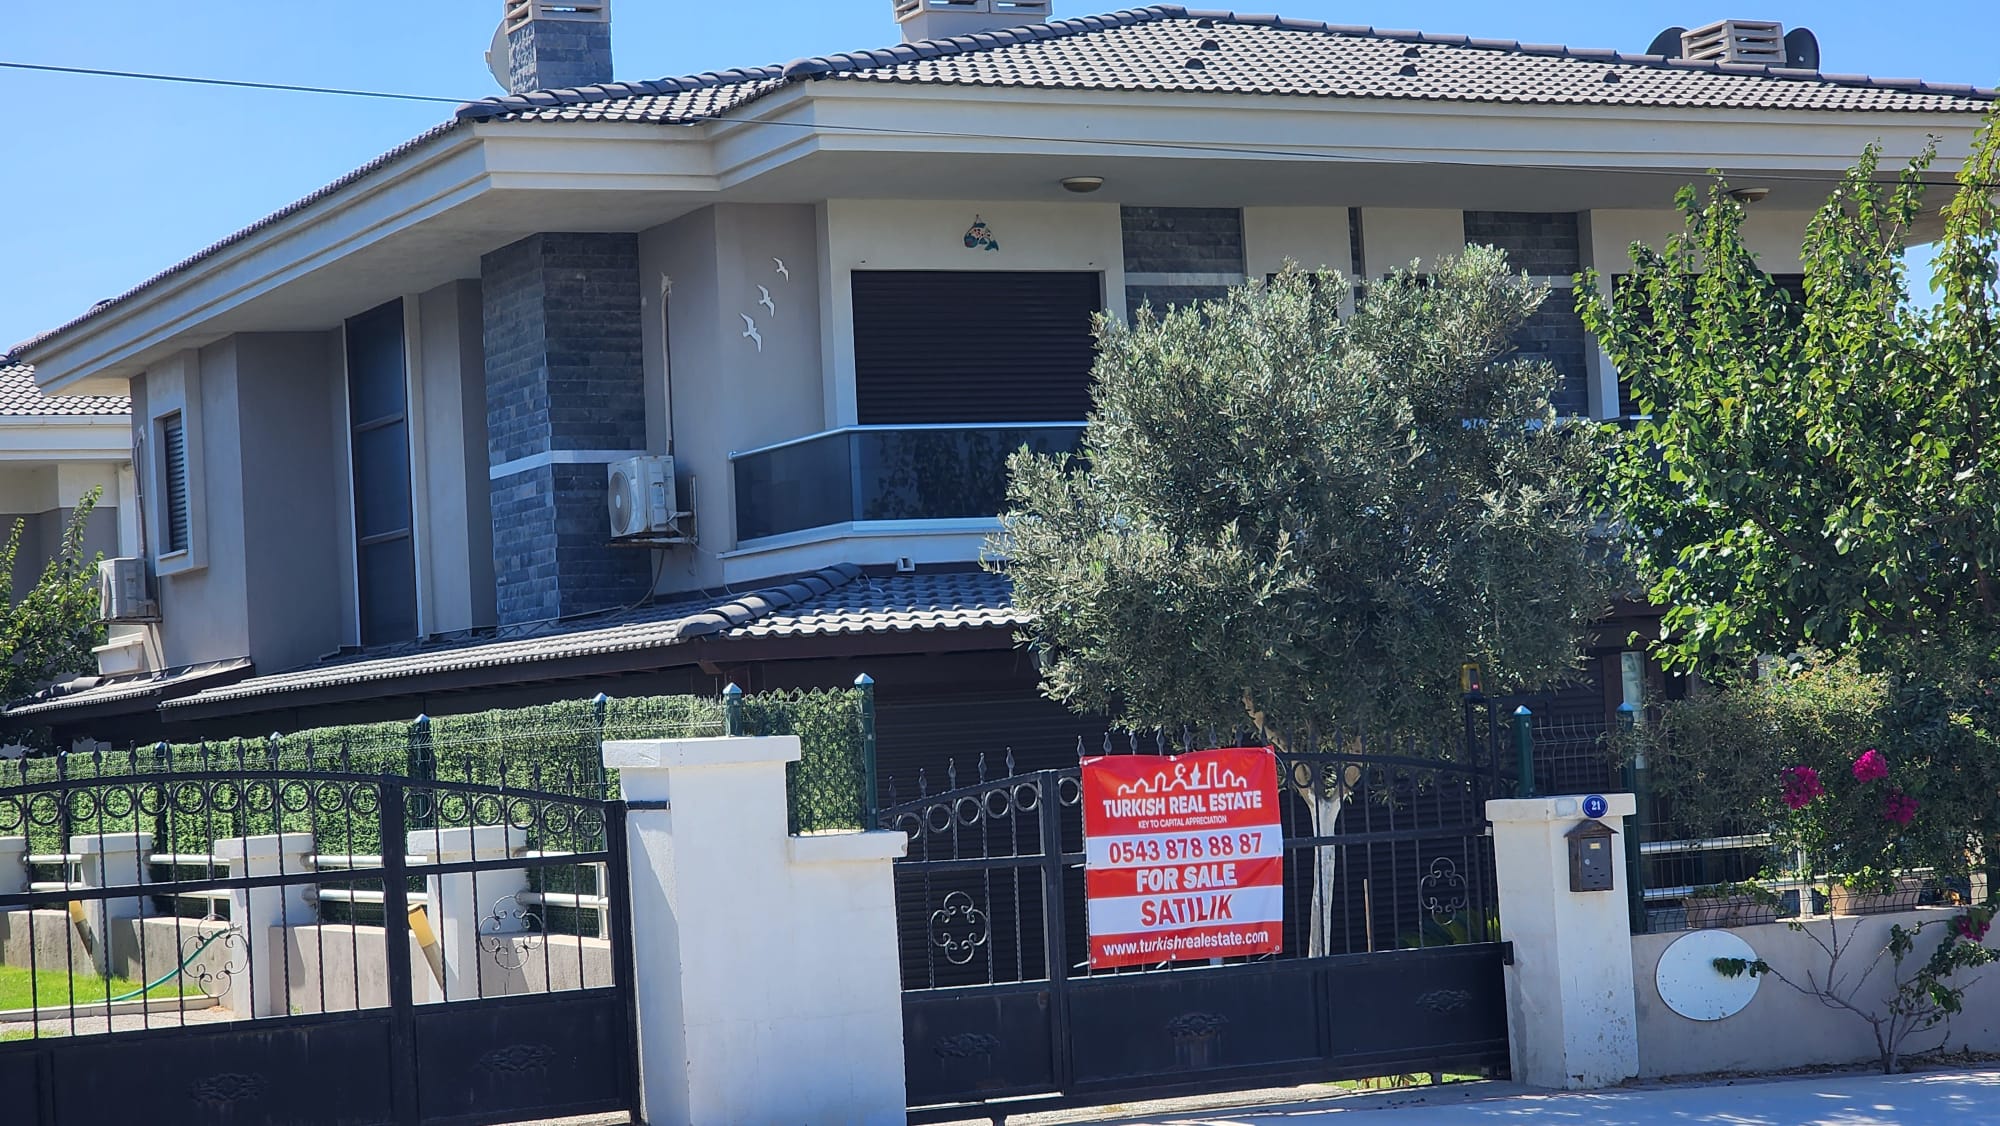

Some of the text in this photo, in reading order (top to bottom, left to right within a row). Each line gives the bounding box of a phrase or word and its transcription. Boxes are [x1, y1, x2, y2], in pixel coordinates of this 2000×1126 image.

[1102, 790, 1263, 818] TURKISH REAL ESTATE
[1591, 800, 1601, 810] 21
[1138, 815, 1227, 829] KEY TO CAPITAL APPRECIATION
[1109, 832, 1262, 864] 0543 878 88 87
[1136, 863, 1238, 892] FOR SALE
[1140, 893, 1233, 927] SATILIK
[1103, 930, 1269, 956] www.turkishrealestate.com

* **Work task**
Every line of the material should be repeated precisely; pictures are to be excluded.

* **Written answer**
Some of the text in this photo, in reading order (top to bottom, left to right within a row). Each line gives the bounding box of a phrase or word and its transcription. Boxes are [x1, y1, x2, y2], in pixel coordinates of this 2000×1126 image.

[1102, 790, 1263, 818] TURKISH REAL ESTATE
[1591, 800, 1601, 810] 21
[1138, 815, 1227, 829] KEY TO CAPITAL APPRECIATION
[1109, 832, 1262, 864] 0543 878 88 87
[1136, 863, 1238, 892] FOR SALE
[1140, 893, 1233, 927] SATILIK
[1103, 930, 1269, 956] www.turkishrealestate.com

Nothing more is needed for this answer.